COVID-19 Nosocomial Review Group minutes: 31 July 2020

Minutes from the meeting of the Nosocomial Review Group, held on 31 July 2020.

Items and actions

1. The group noted the report from PHS on HCW hospitalisation from COVID-19 and the national guidance and advice implemented since these data included in these analyses were done. The importance of the new IPC guidance, testing and IPC indicator work is noted in optimising HCW and patient safety going forward.

2. New UK IPC guidance for mobilisation of the NHS was reviewed. The updated guidance will supersede the current PHE guidance and tables adopted across the UK. IPC will be enabled via pathways for managing risk in remobilisation of the NHS. It was noted that standard infection control precautions (SICPs) will include physical distancing measures and during the COVID-19 pandemic masks will be a standard IPC measure also in healthcare. NSS ARHAI will consider the implications for the wider IPC guidance in Scotland in the national Manual for IPC (NIPCM) longer term.

3. The need for testing patients who were emergency admissions was an important part of the new IPC guidance. The group advised that to adopt the UK IPC cell guidance all emergency admissions would require to be tested in order to manage cohorting in the UK IPC guidance pathways.

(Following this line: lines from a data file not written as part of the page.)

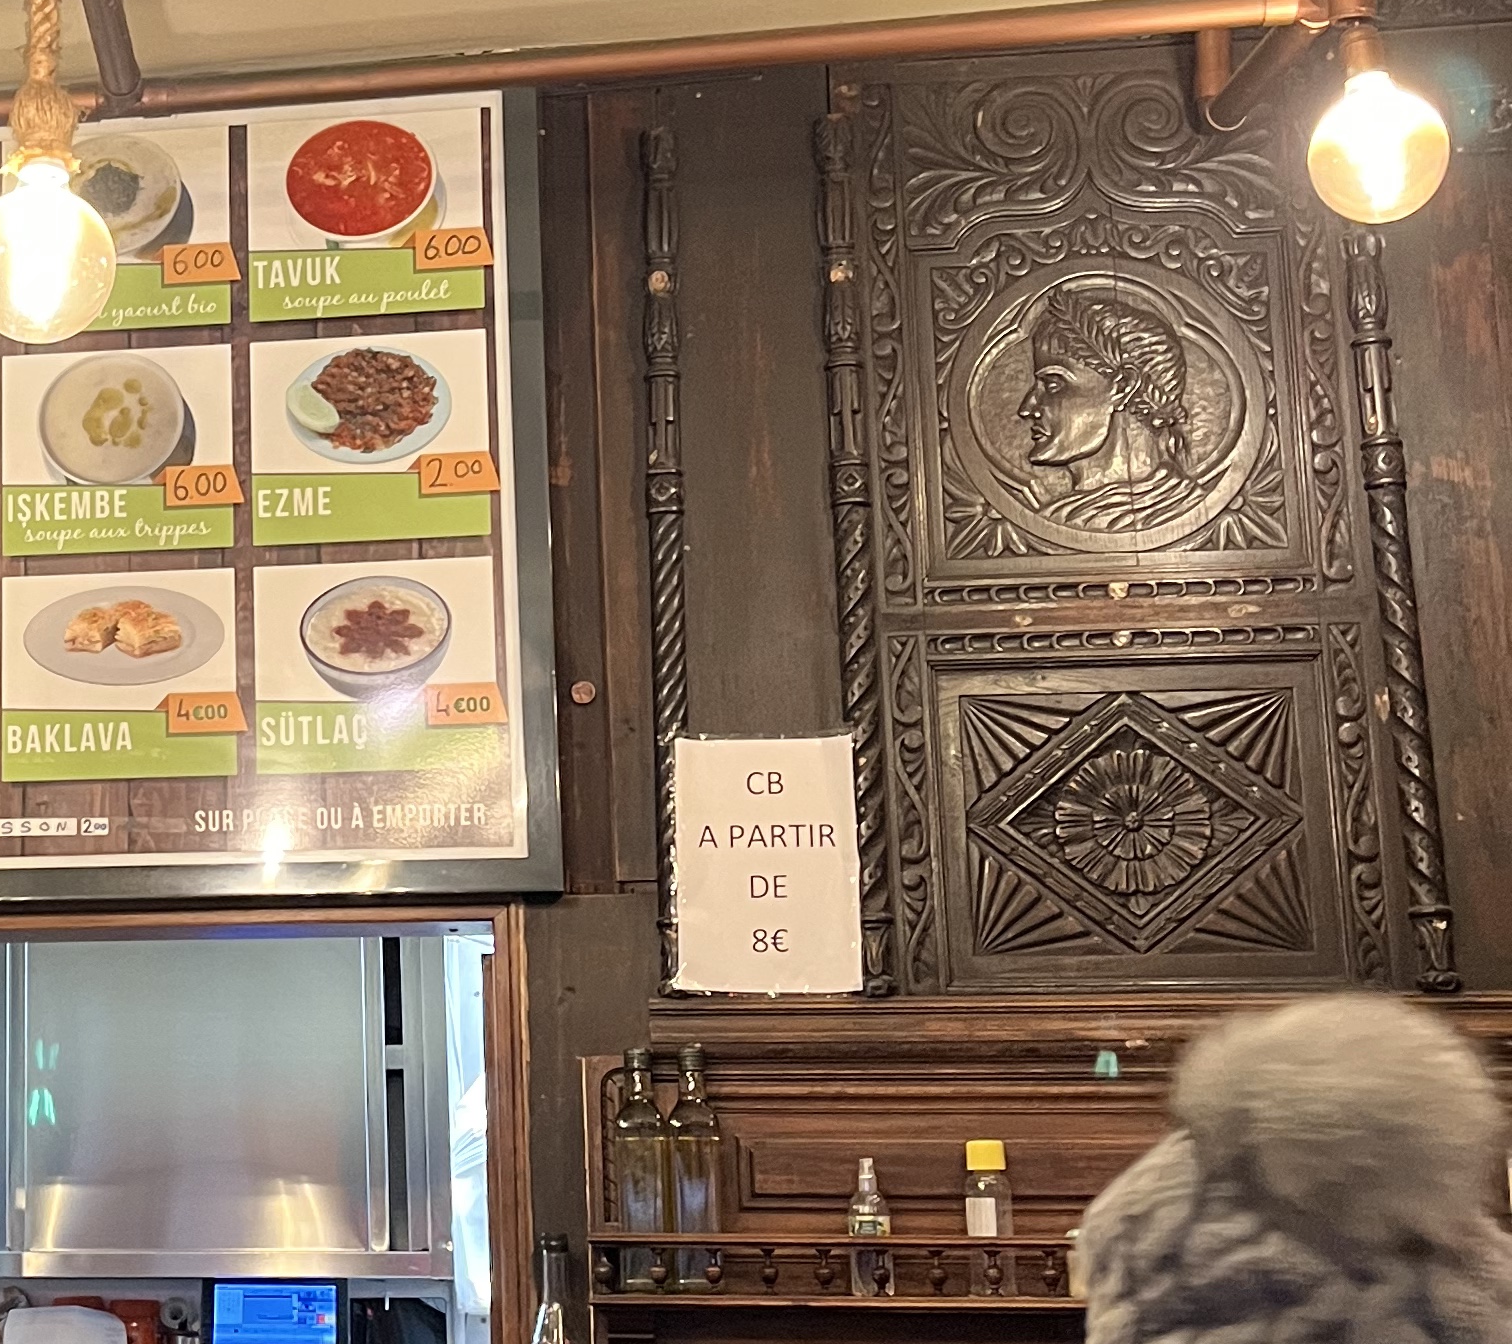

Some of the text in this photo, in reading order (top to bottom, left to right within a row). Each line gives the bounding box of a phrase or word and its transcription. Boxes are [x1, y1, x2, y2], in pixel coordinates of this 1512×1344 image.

[253, 255, 342, 289] TAVUK
[111, 293, 218, 327] yaourt bio
[282, 279, 453, 317] soupe au poulet
[173, 469, 227, 501] 6.00
[257, 486, 332, 518] EZME
[23, 517, 213, 552] soupe aux trippes
[6, 721, 133, 755] BAKLAVA
[261, 711, 368, 751] SÜTLAÇ
[746, 771, 785, 796] CB
[194, 809, 235, 833] SUR
[316, 807, 343, 831] OU
[351, 801, 365, 829] À
[373, 803, 487, 829] EMPORTER
[698, 823, 837, 849] A PARTIR
[750, 874, 789, 900] DE
[752, 928, 790, 954] 8€

4. The CNRG noted the importance of ventilation as a control measure for COVID-19 given the emerging evidence to date from COVID-19 outbreaks in closed settings and the uncertainty of the role of aerosols in transmission. An overview of current 4 country UK ventilation work underway was given. The group noted there is literature review looking at impact of ventilation needs for COVID-19 on dentistry and wider healthcare which would be used to inform future guidance and further research studies have been commissioned to look at UV light decontamination and use of HEPA filters.

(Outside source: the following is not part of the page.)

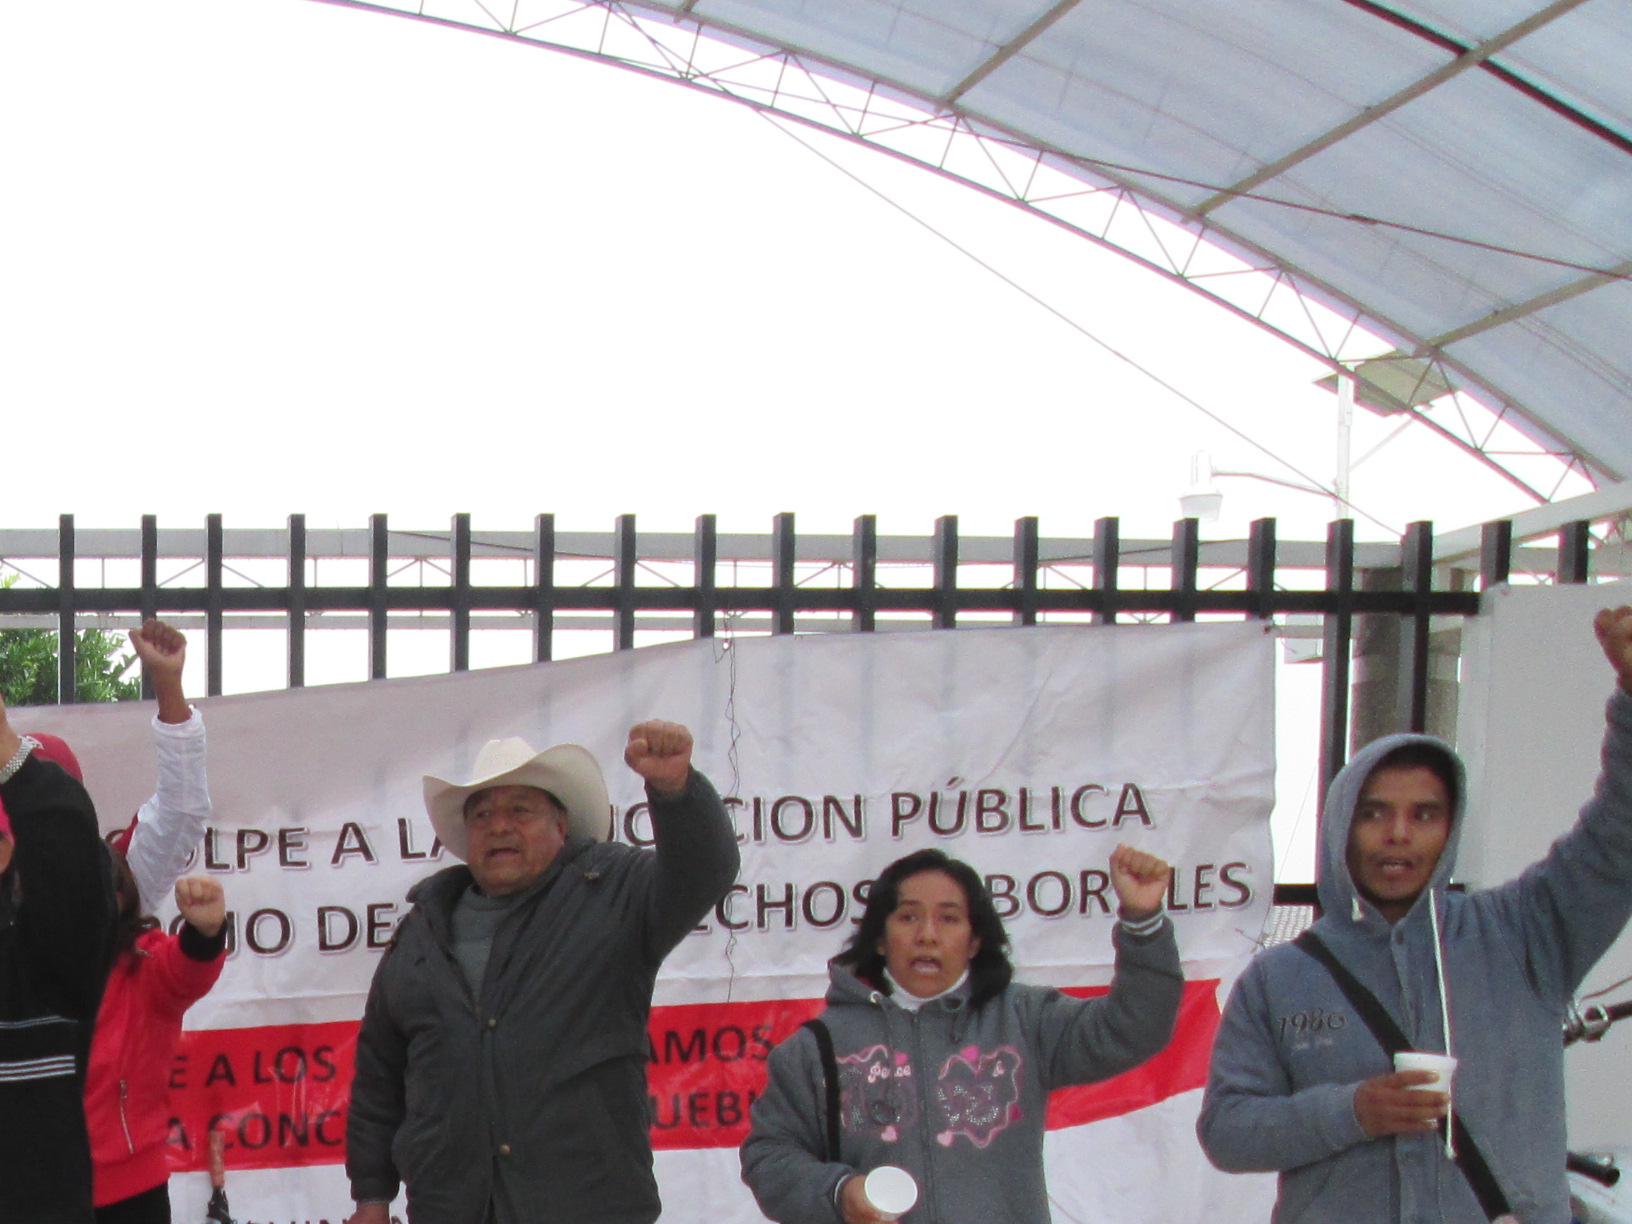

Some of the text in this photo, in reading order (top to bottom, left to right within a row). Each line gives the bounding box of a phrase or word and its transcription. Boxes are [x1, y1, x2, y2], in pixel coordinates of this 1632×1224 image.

[331, 822, 378, 866] A
[890, 776, 1154, 839] PÚBLICA
[206, 1053, 237, 1087] A
[254, 1045, 337, 1084] LOS

5. All-cause mortality within 28 days of first positive nosocomial case reporting is being developed. A number of limitations and biases in the data were acknowledged – patients who are categorised as probable or definite HAI have longer hospital stays and therefore an increased risk of death from causes other than HAI. The importance capturing risk factor data to enable risk adjusted rates was noted. These considerations would be taken account of in future reporting being developed.